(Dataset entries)

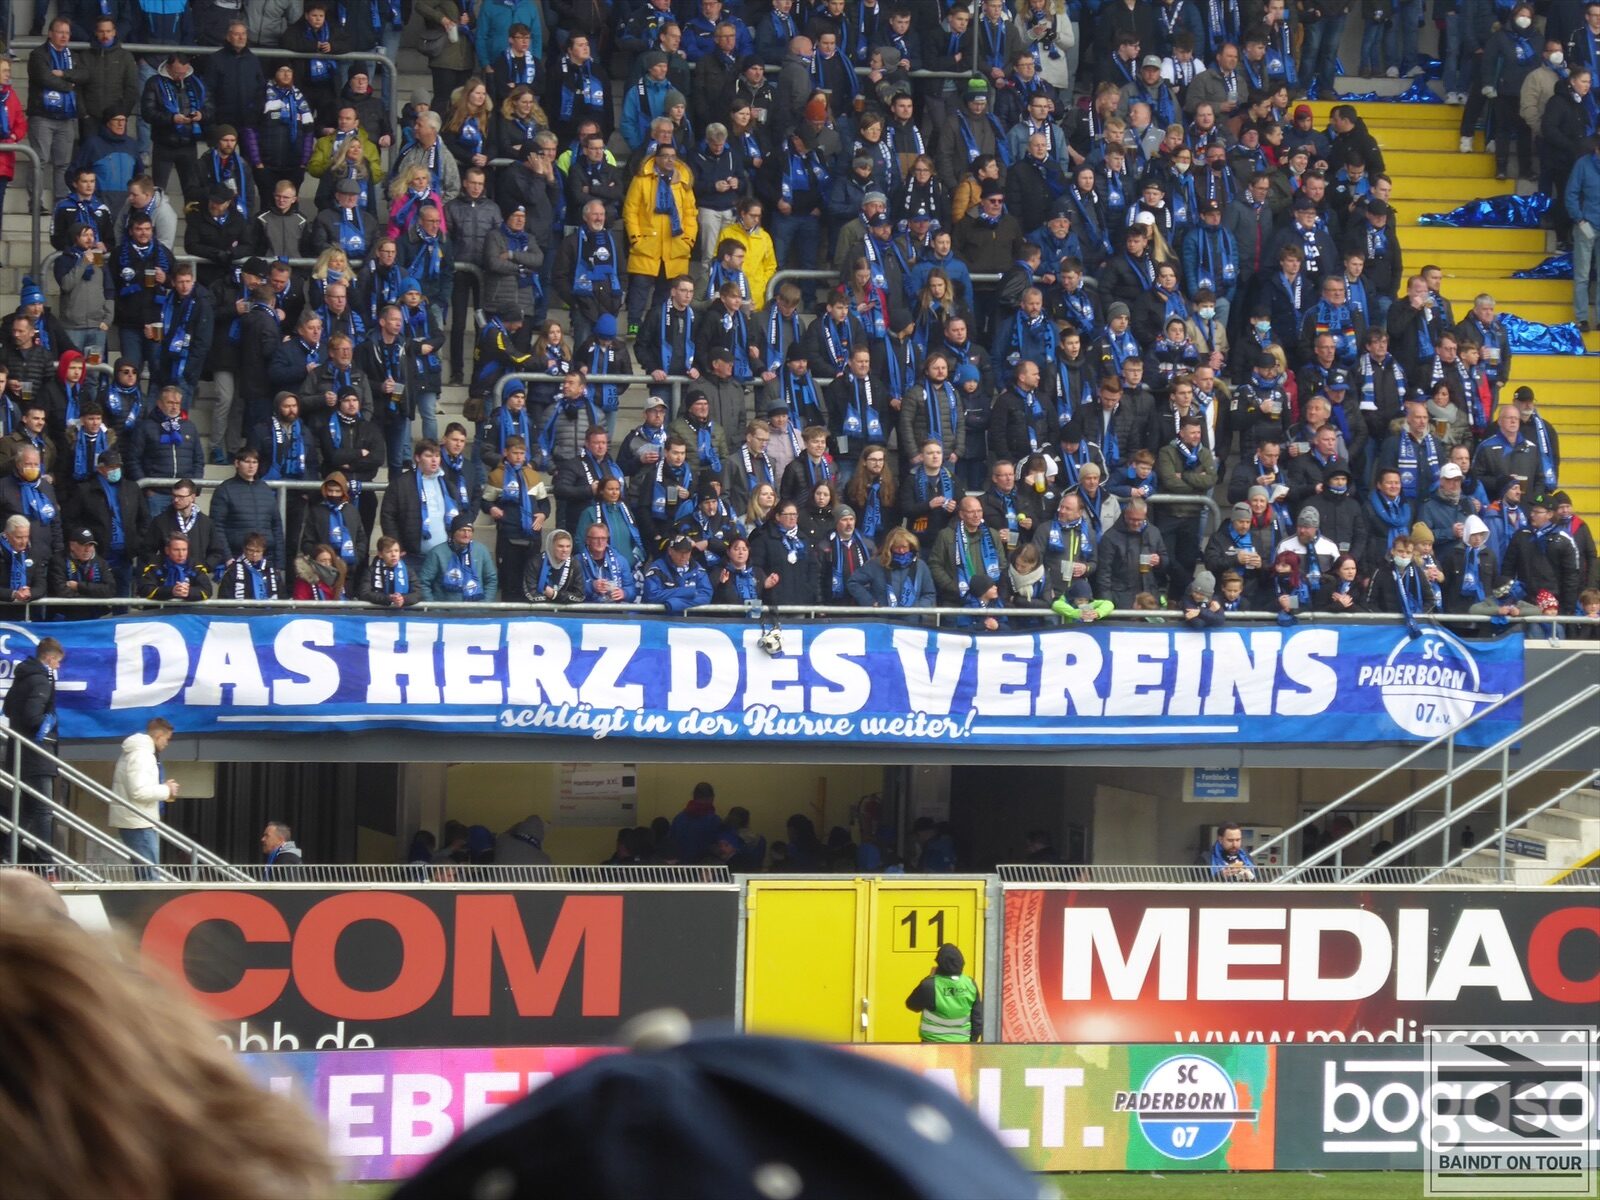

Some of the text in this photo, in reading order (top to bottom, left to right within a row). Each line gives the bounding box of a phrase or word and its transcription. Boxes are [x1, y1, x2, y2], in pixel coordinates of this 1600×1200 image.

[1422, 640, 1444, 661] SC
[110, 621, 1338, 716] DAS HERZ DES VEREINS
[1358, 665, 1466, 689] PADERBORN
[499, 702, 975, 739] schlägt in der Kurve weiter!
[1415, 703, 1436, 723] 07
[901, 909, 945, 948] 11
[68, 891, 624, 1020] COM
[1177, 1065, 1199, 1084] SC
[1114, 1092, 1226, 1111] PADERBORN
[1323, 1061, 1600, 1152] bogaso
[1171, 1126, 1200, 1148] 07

- _Aim of the task_
Copy the lines above exactly and exclude every image.

- _Result of this task_
Some of the text in this photo, in reading order (top to bottom, left to right within a row). Each line gives the bounding box of a phrase or word and its transcription. Boxes are [x1, y1, x2, y2], in pixel coordinates of this 1600×1200 image.

[1422, 640, 1444, 661] SC
[110, 621, 1338, 716] DAS HERZ DES VEREINS
[1358, 665, 1466, 689] PADERBORN
[499, 702, 975, 739] schlägt in der Kurve weiter!
[1415, 703, 1436, 723] 07
[901, 909, 945, 948] 11
[68, 891, 624, 1020] COM
[1177, 1065, 1199, 1084] SC
[1114, 1092, 1226, 1111] PADERBORN
[1323, 1061, 1600, 1152] bogaso
[1171, 1126, 1200, 1148] 07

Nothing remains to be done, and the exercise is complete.